Failure is the highway to success. Tom Watson Sr. said, “If you want to succeed, double your failure rate.” If you study history, you will find that all stories of success are also stories of great failures. But people don’t see the failures. They only see one side of the picture and they say that person got lucky: “He must have been at the right place at the right time.”
Let me share someone’s life history with you. This was a man who failed in business at the age of 21 ; was defeated in a legislative race at age 22; failed again in business at age 24; overcame the death of his sweetheart at age 26; had a nervous breakdown at age 27; lost a congressional race at age 34; lost a senatorial race at age 45; failed in an effort to become vice-president at age 47; lost a senatorial race at age 49; and was elected president of the United States at age 52.
This man was Abraham Lincoln. Would you call him a failure? He could have quit. But to Lincoln, defeat was a detour and not a dead end.

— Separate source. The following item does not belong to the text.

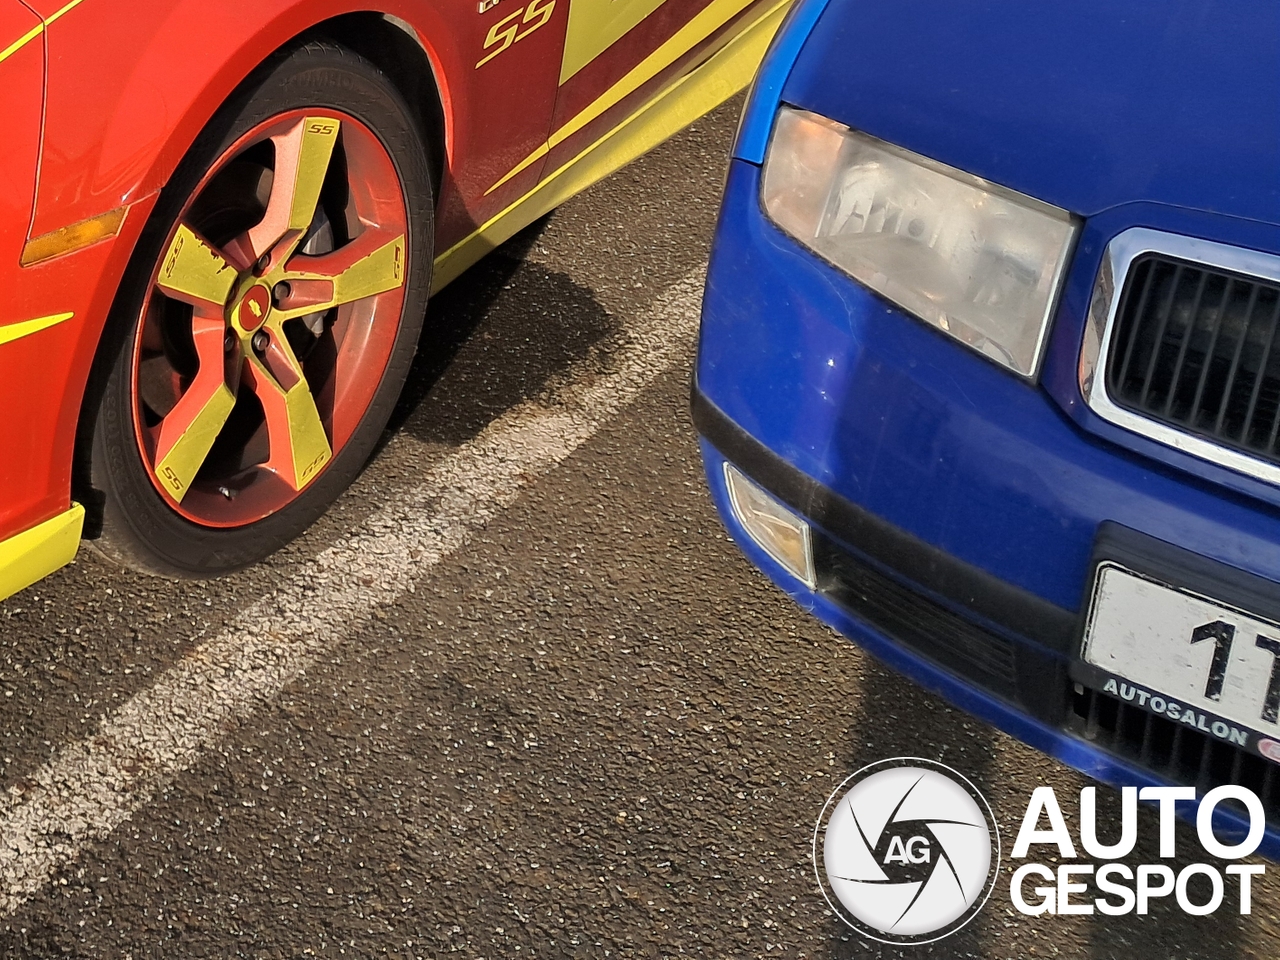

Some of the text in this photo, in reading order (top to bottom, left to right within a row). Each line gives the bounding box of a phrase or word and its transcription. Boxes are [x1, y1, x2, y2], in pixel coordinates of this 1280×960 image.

[307, 124, 335, 135] SS
[161, 466, 184, 491] SS
[1103, 677, 1250, 748] AUTOSALON

In 1913, Lee De Forest, inventor of the triodes tube, was charged by the district attorney for using fraudulent means to mislead the public into buying stocks of his company by claiming that he could transmit the human voice across the Atlantic. He was publicly humiliated. Can you imagine where we would be without his invention?
A New York Times editorial on December 10, 1903, questioned the wisdom of the Wright Brothers who were trying to invent a machine, heavier than air, that would fly. One week later, at Kitty Hawk, the Wright Brothers took their famous flight.
Colonel Sanders, at age 65, with a beat-up car and a $100 check from Social Security, realized he had to do something. He remembered his mother’s recipe and went out selling. How many doors did he have to knock on before he got his first order? It is estimated that he had knocked on more than a thousand doors before he got his first order. How many of us quit after three tries, ten tries, a hundred tries, and then we say we tried as hard as we could?
As a young cartoonist, Walt Disney faced many rejections from newspaper editors, who said he had no talent. One day a minister at a church hired him to draw some cartoons. Disney was working out of a small mouse infested shed near the church. After seeing a small mouse, he was inspired. That was the start of Mickey Mouse.
Successful people don’t do great things, they only do small things in a great way.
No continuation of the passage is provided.